Under the circumstances of uncertainty, you will have [muted private investments]. There were two reasons on why it was already slowing prior to the Covid-19 crisis. One was that the banking system was being cleaned. There were no resources to do the investing. Two, there was a lot of overhang of excess capacity. Now, banks are genuinely cleaned up. They are much better capitalised. The capital markets have allowed companies to raise a lot of risk capital that can be leveraged. The financing part of it is sorted.

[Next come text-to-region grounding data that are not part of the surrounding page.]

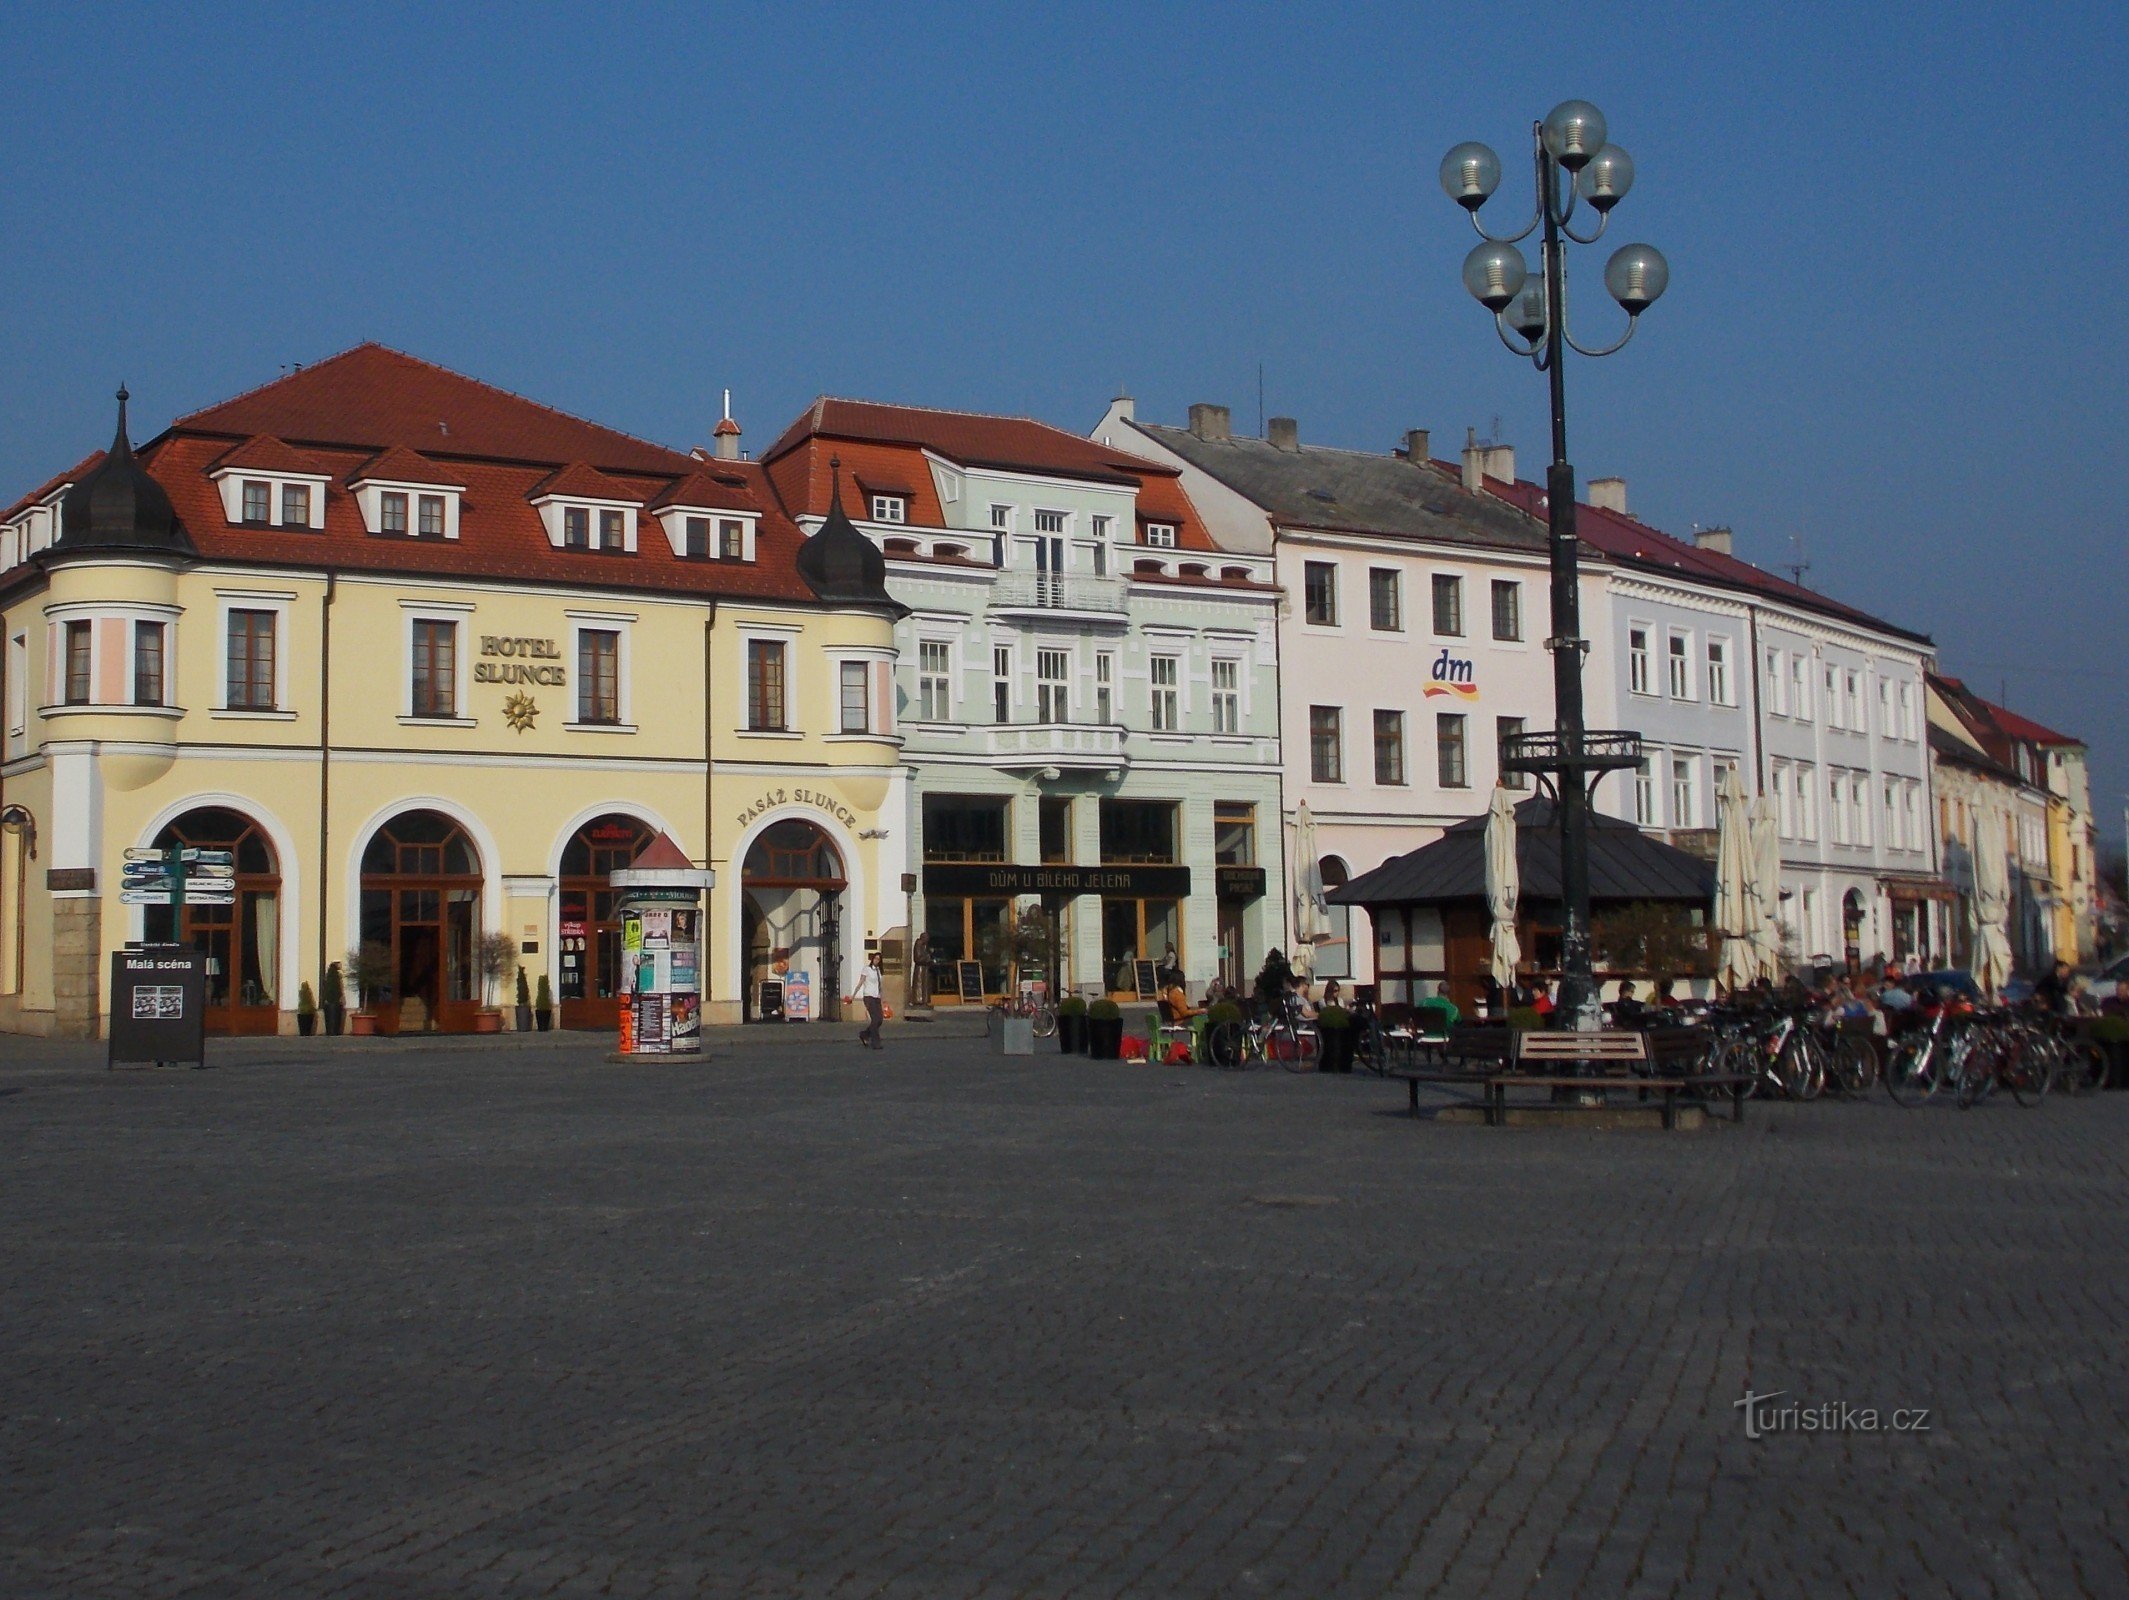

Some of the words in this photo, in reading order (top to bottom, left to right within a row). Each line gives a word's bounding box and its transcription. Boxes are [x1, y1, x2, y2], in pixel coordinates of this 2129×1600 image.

[480, 636, 561, 659] HOTEL
[474, 662, 566, 686] SLUNCE
[1432, 648, 1473, 682] dm
[737, 787, 788, 828] PASÁŽ
[794, 788, 857, 829] SLUNCE
[1023, 873, 1031, 887] U
[1085, 873, 1131, 888] JELENA
[126, 959, 154, 969] Malá
[157, 959, 192, 969] scéna
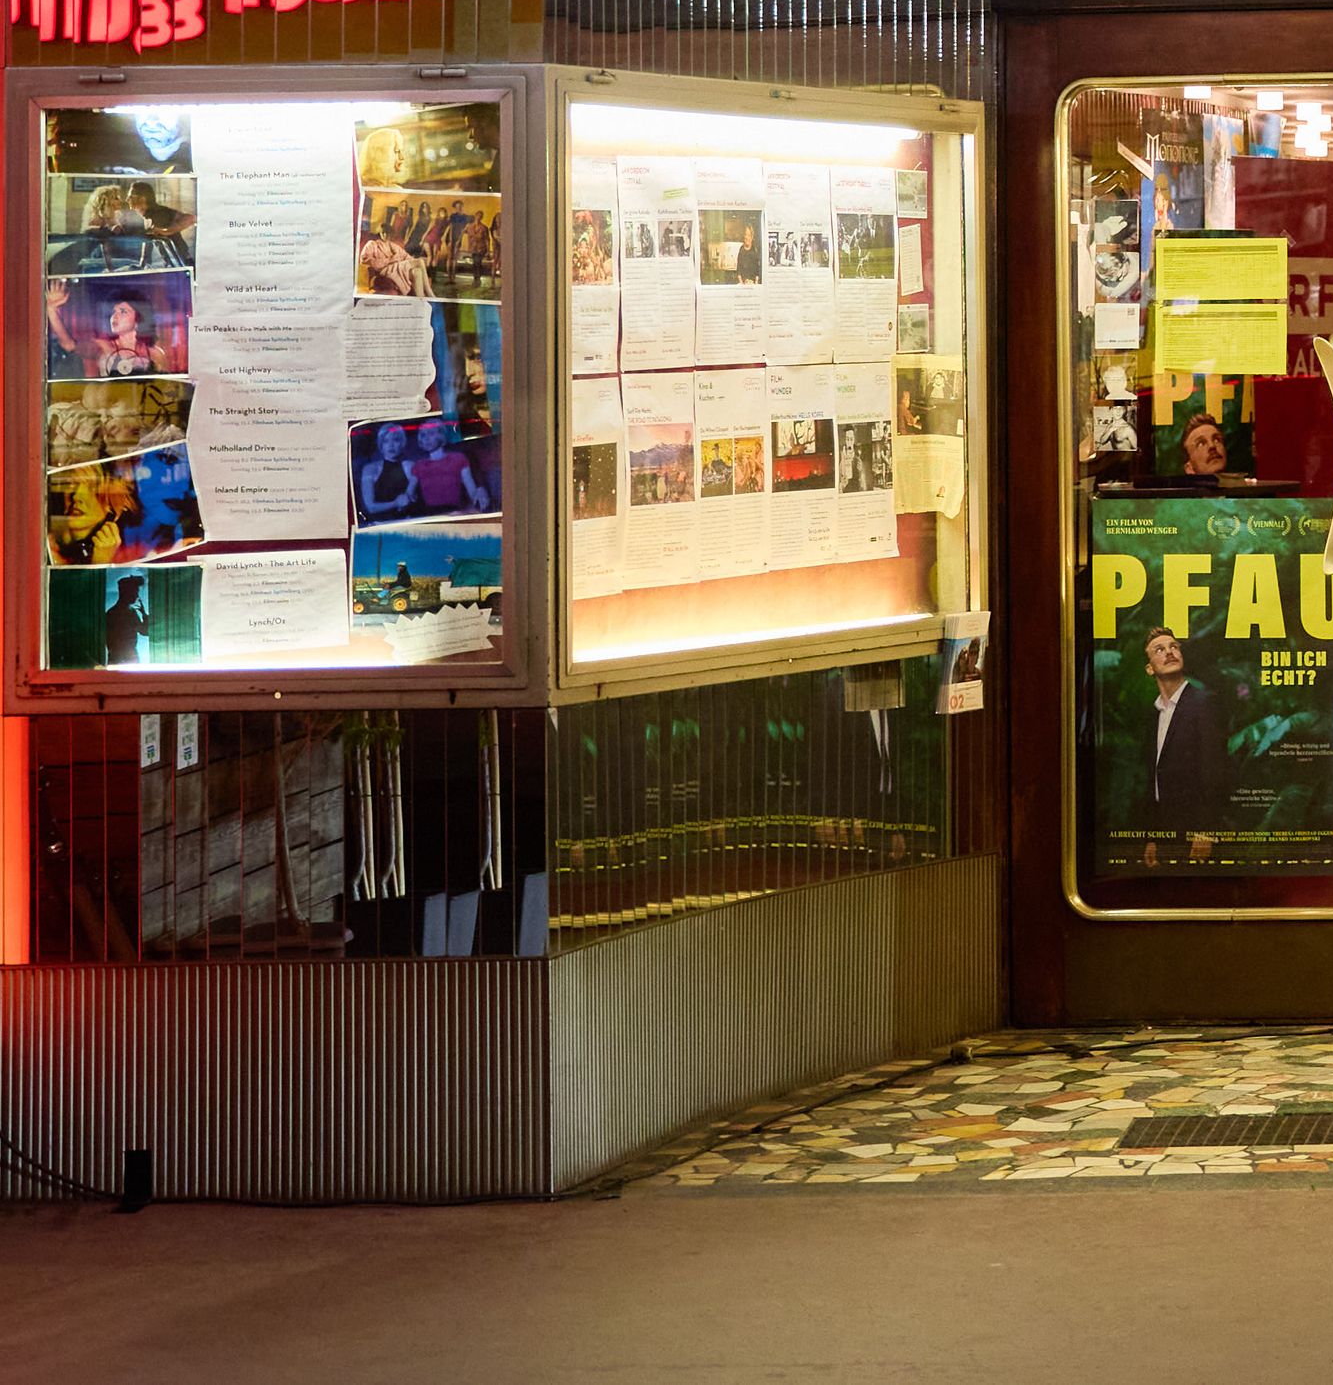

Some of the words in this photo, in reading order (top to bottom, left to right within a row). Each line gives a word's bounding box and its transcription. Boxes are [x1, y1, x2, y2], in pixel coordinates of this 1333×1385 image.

[220, 172, 235, 180] The
[236, 172, 271, 181] Elephant
[248, 220, 273, 228] Velvet
[225, 285, 244, 293] Wild
[255, 285, 278, 293] Heart
[213, 325, 238, 333] Peaks:
[238, 366, 272, 375] Highway
[208, 407, 224, 415] The
[225, 407, 256, 416] Straight
[258, 407, 279, 416] Story
[209, 445, 253, 453] Mulholland
[254, 444, 276, 452] Drive
[215, 486, 239, 494] Inland
[240, 486, 268, 494] Empire
[1138, 518, 1154, 526] VON
[1253, 520, 1285, 529] VIENNALE
[1106, 527, 1146, 535] BERNHARD
[1146, 527, 1178, 535] WENGER
[216, 562, 238, 570] David
[240, 561, 263, 570] Lynch
[1261, 651, 1292, 667] BIN
[1297, 651, 1327, 667] ICH
[1261, 670, 1317, 686] ECHT?
[949, 694, 964, 710] 02
[1109, 830, 1146, 839] ALBRECHT
[1147, 831, 1177, 839] SCHUCH
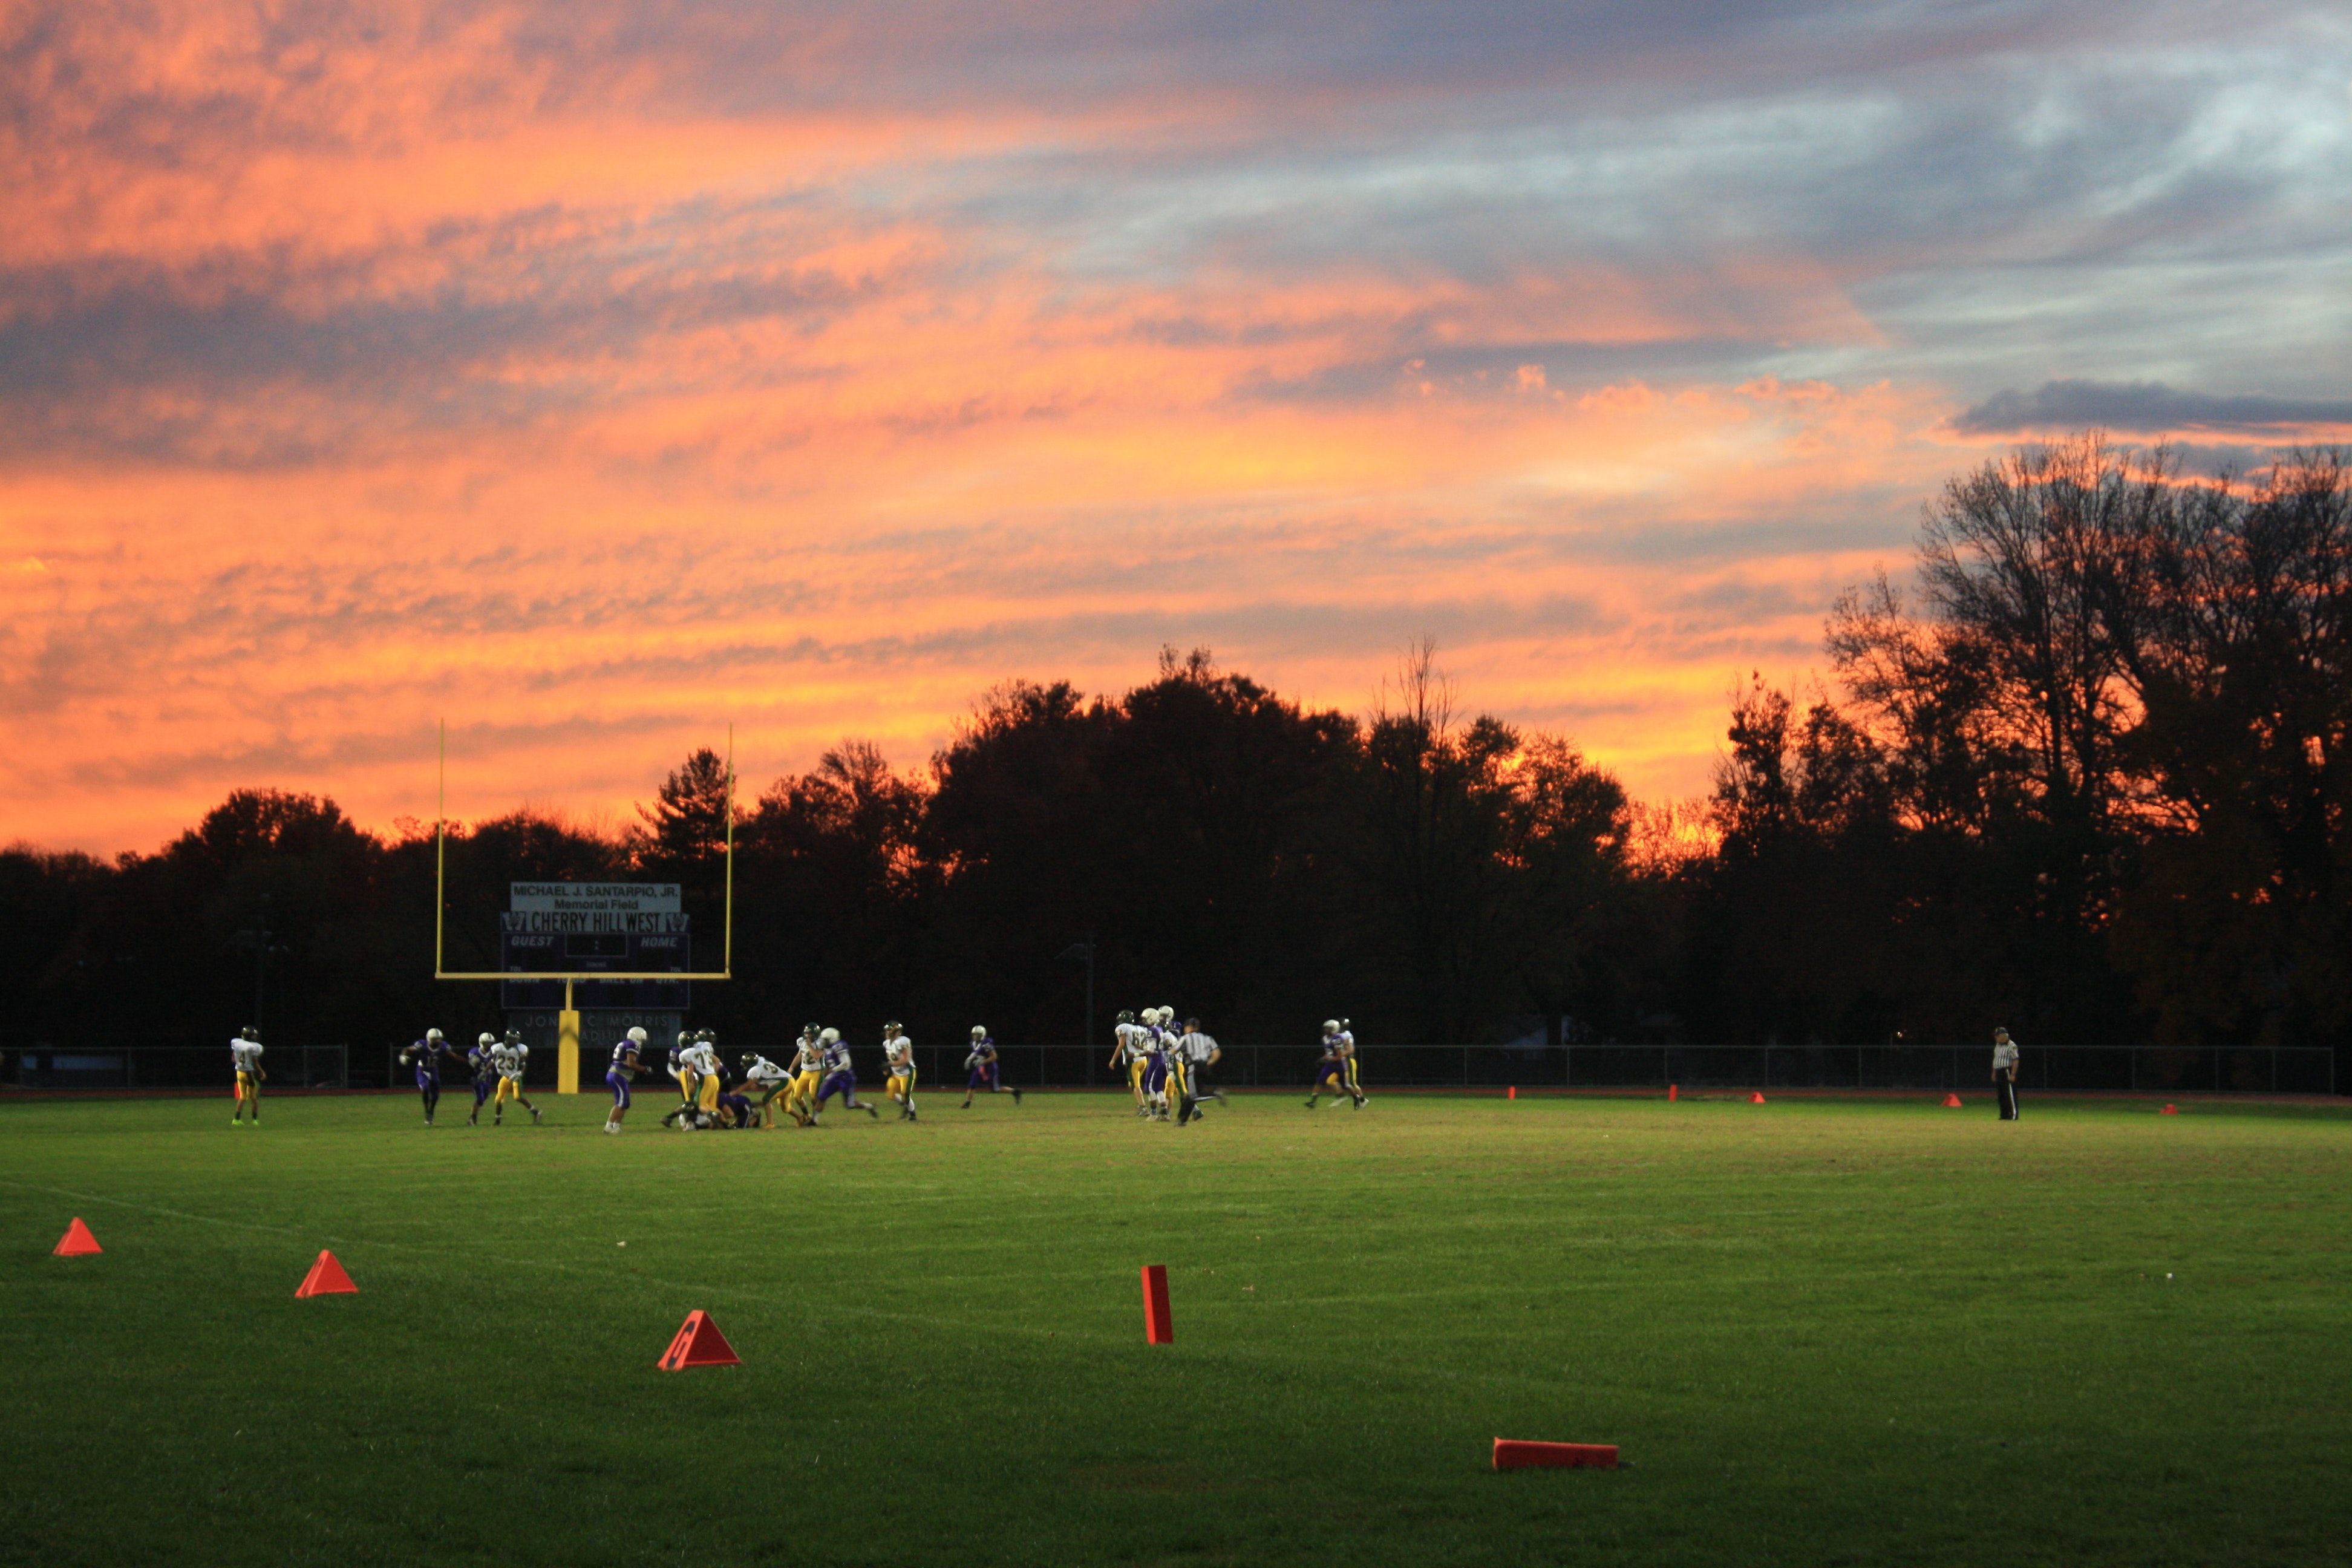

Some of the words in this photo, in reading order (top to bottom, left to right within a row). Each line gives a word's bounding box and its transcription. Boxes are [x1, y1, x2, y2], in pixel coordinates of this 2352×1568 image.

The other thing is that there are some areas where the capacity utilisation is low, but even in those areas, I discovered that in almost every case it is not a demand problem. In some parts, like automobiles and two-wheelers, the problem is not that people do not want to buy these things. The problem is that there are no chips. It is not a demand problem. Similarly, it is not like people do not want to go on holiday. You are not allowing hotels to function. The moment you remove the supply-side bottlenecks, I think you will find a lot of investment coming back.

The finance minister has reiterated her commitment to bringing down the fiscal deficit in her budget speech. Given the situation that we are in right now and the uncertainties, how relevant do you think is the debate around fiscal consolidation versus fiscal expansion?

It is a relevant debate but it is a trade-off. You have to make a trade-off between the fact that you have to provide some support to the economy. On the other hand, you cannot keep running fiscal deficits forever because obviously, that is not sustainable. It increases borrowing costs and causes inflation. It causes macro-economic distortions of various types. The key point is to signal that we do understand that there is a trade-off and over time we will consolidate. That is the sensible thing to do and that is also what we are doing. Last year [2020-21], we had gone up to nine per cent or so. It had gone up sharply. We then brought it down to 6.9 per cent. We will now bring it down to 6.5 per cent. And in the next few years, we will bring it down to 4.5 per cent. It is a clear route. We think removing the fiscal impulse by 0.5 per cent every year is something that the system can bear. At the same time, we are not doing it suddenly.

Experts have said that the revenue and divestment targets in this year’s budget are conservative. Do you agree with this assessment?

We have certainly been somewhat conservative, but do take into account that excise tax has been cut. But, even after taking that into account, some people may think we are being conservative, which may be the case. We are a conservative government. I would much rather under-promise and over-deliver. We did that last year too.